» **Problem to work on**
Transcribe the listing below verbatim, omitting pictures.

--*--

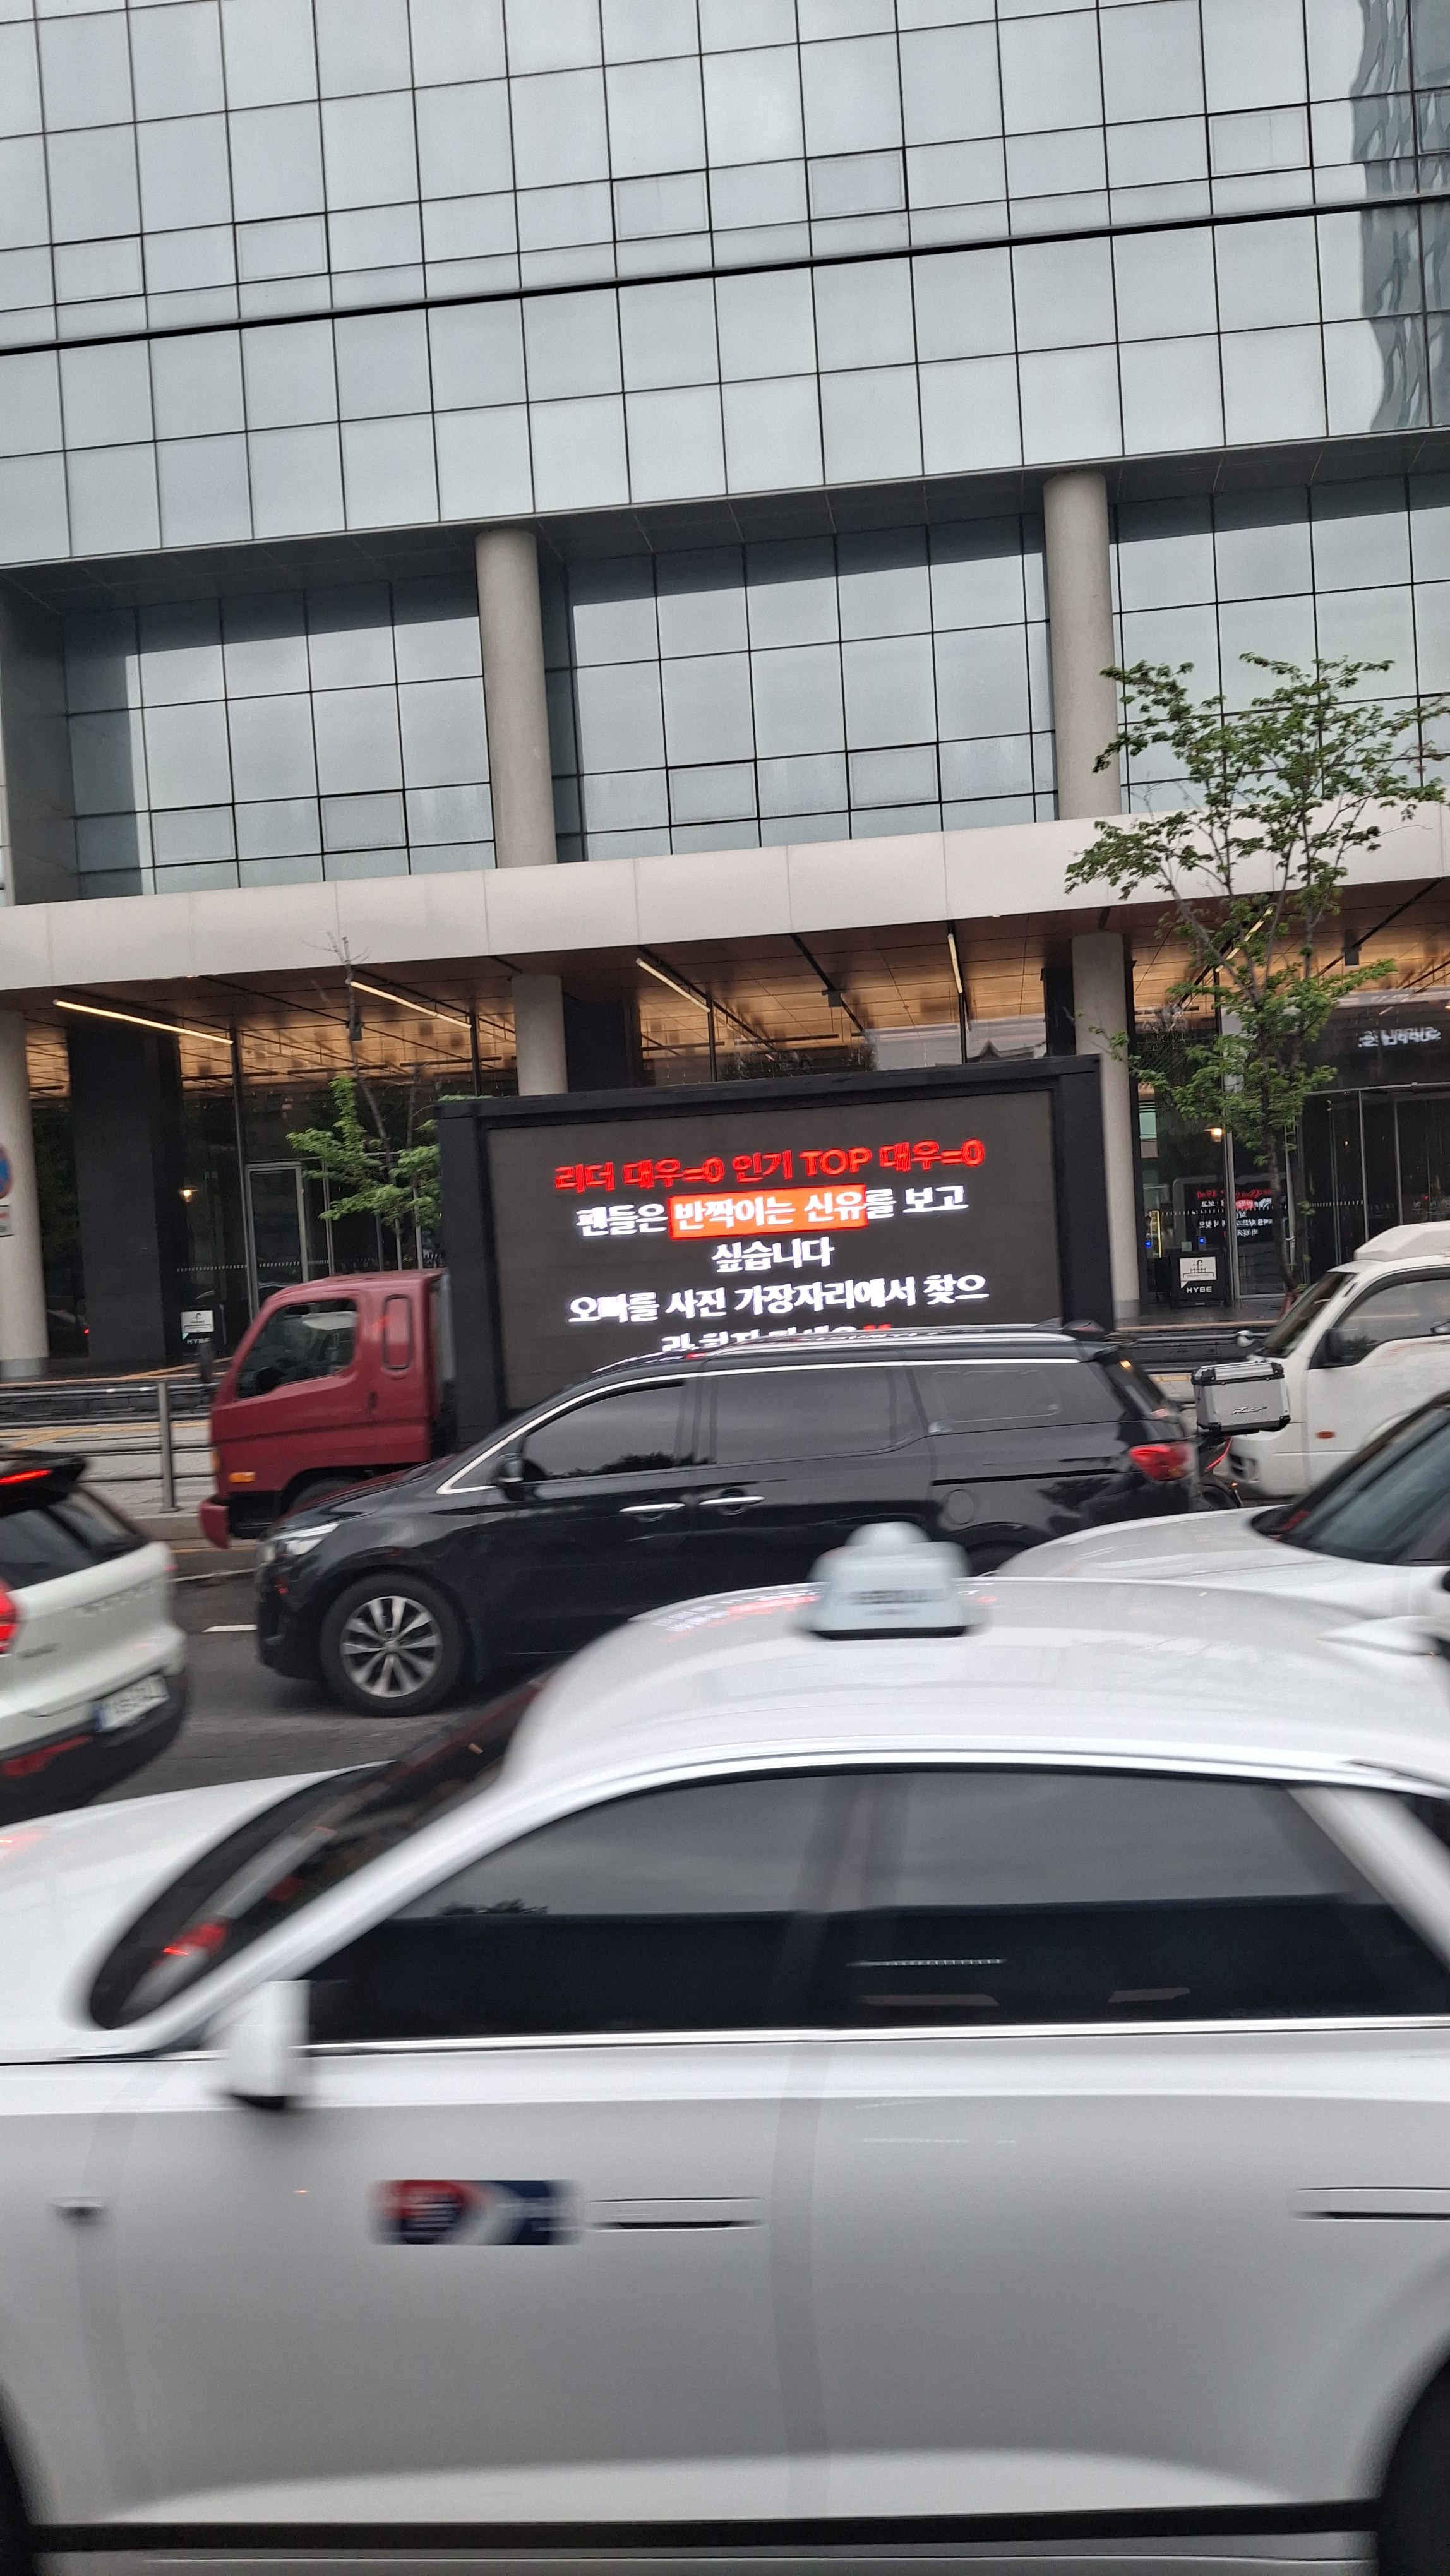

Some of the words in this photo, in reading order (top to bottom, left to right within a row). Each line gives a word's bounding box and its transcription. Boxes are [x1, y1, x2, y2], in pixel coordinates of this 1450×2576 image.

[556, 1163, 615, 1193] 리더
[623, 1157, 726, 1189] 대우=0
[731, 1150, 793, 1183] 인기
[798, 1146, 872, 1176] TOP
[878, 1138, 985, 1172] 대우=0
[575, 1203, 668, 1237] 팬들은
[674, 1196, 796, 1231] 반짝이는
[804, 1188, 897, 1222] 신유를
[902, 1185, 969, 1213] 보고
[711, 1236, 835, 1273] 싶습니다
[568, 1292, 660, 1323] 오빠를
[664, 1287, 728, 1320] 사진
[734, 1276, 916, 1315] 가장자리에서
[923, 1274, 990, 1306] 찾으
[1186, 1285, 1213, 1294] HYBE

--*--

» **Answer for the task**
Some of the words in this photo, in reading order (top to bottom, left to right within a row). Each line gives a word's bounding box and its transcription. Boxes are [x1, y1, x2, y2], in pixel coordinates of this 1450×2576 image.

[556, 1163, 615, 1193] 리더
[623, 1157, 726, 1189] 대우=0
[731, 1150, 793, 1183] 인기
[798, 1146, 872, 1176] TOP
[878, 1138, 985, 1172] 대우=0
[575, 1203, 668, 1237] 팬들은
[674, 1196, 796, 1231] 반짝이는
[804, 1188, 897, 1222] 신유를
[902, 1185, 969, 1213] 보고
[711, 1236, 835, 1273] 싶습니다
[568, 1292, 660, 1323] 오빠를
[664, 1287, 728, 1320] 사진
[734, 1276, 916, 1315] 가장자리에서
[923, 1274, 990, 1306] 찾으
[1186, 1285, 1213, 1294] HYBE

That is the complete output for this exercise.